На степень развития общества, на уровень его гражданственности и вообще на многие социальные характеристики влияет тип господствующего мировоззрения. Условно выделим три типа мировоззрения:

1. Рабовладелец (я господин, а все остальные должны работать на мое благо за счет собственного процветания).

2. Раб (я маленький человек, мое дело маленькое, мою судьбу определит большой человек).

3. Свободный человек (я равный в среде равных, я сам определяю свою судьбу, мне не нужно ни подчиняться, ни подчинять).

Носителем первого типа является современная власть, олигархизм которой достиг немыслимых пределов. Как раз эта власть (и власть предыдущая) пытается навязать народу второй тип мировоззрения, используя для этого СМИ и другие подручные средства. Самый эффективный для всего общественного процветания – третий тип мировоззрения. Когда именно он станет доминировать в сознании не только народа, но и властных структур, возникнет фундамент для нормального общественного развития и исчезнет всякая революционная ситуация – плацдарм для обострения конфликтов между обществом и властью.

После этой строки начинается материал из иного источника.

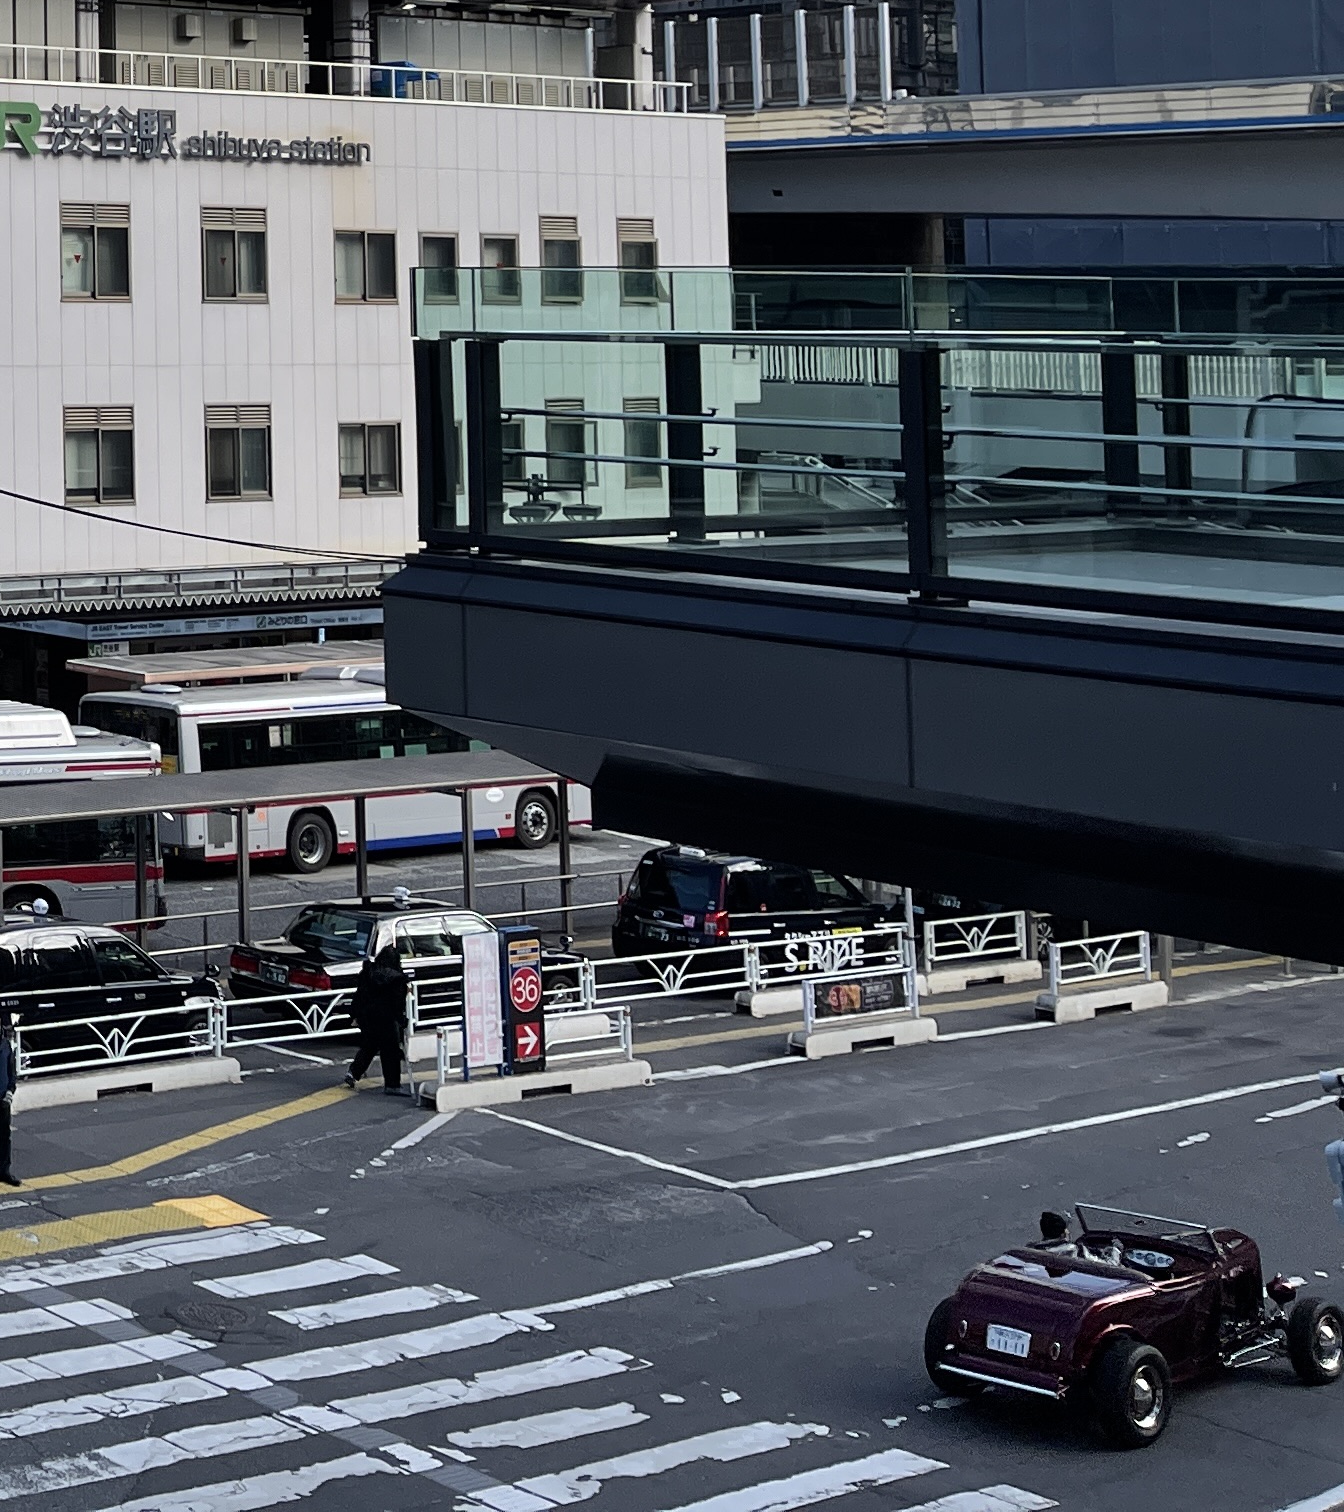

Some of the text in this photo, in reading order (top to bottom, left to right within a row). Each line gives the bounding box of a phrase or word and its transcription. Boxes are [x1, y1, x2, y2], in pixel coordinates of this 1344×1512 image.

Революция невозможна тогда, когда существует только революционная ситуация. В нашем случае – политика обнищания народа, принятие антинародных законов, прямой обман и отсутствие свободной прессы, то есть повальное нарушение Конституции – всего лишь революционная ситуация, но не сама революция. Революция возникает, по словам В.И. Ленина, только из такой революционной ситуации, когда к объективным переменам присоединяется субъективная составляющая – способность класса (в нашем случае – общественности в целом) на революционные массовые действия, чтобы сломить старую систему, которая упадет лишь тогда, когда ее уронят. А есть ли у нашего народа эта способность? Если и есть, то находится она где-то глубоко внутри, в спящем состоянии. Эта способность настолько сильно задавлена, что трудно говорить о ее присутствии вообще. Уровень гражданственности и политической сознательности не соответствует уровню правительственного давления на народ (на нас давят сильнее, а сознание не просыпается), массовизация и конформизация затмили гражданственность и полит-осознанность. Поэтому пока мы не можем сказать, что наш народ в полной мере способен на коренное изменение сложившейся ситуации; если способен, то в потенциальном смысле, а не в актуальном. Степень эффекта антинародной политики, широта запретов и уровень обнищания людей еще не достигли того предела, той крайней точки, чтобы пробудилось политическое сознание народа и чтобы последний действительно представил собой высокоорганизованный субъект политических изменений, готовый к их осуществлению, то есть, пока не прослеживается прямого детерминизма, идущего от объективного фактора к субъективному. Да и вряд ли усиление политического давления приведет к формированию гражданственности; скорее это приведет к рождению недовольства. Но одного только недовольства и возмущения мало. Нет гражданственности – нет попыткам построить государство снизу. Свободолюбивая фантазия начинает стыдиться самой себя и вырождаться, сталкиваясь с мифическим благоговением масс перед той данностью, которую они имеют. Под словом «революция», естественно, я понимаю не какое-либо массовое кровопролитное деяние (как это неоднократно было в истории), тянущее за собой шлейф насилия и жестокости, а (вполне законное – по Конституции!) активное волепроявление митингующего народа, чей голос раздастся повсюду и чье недовольство существующей политической ситуацией создаст реальные условия перемены властной системы с преступной и некомпетентной на народную.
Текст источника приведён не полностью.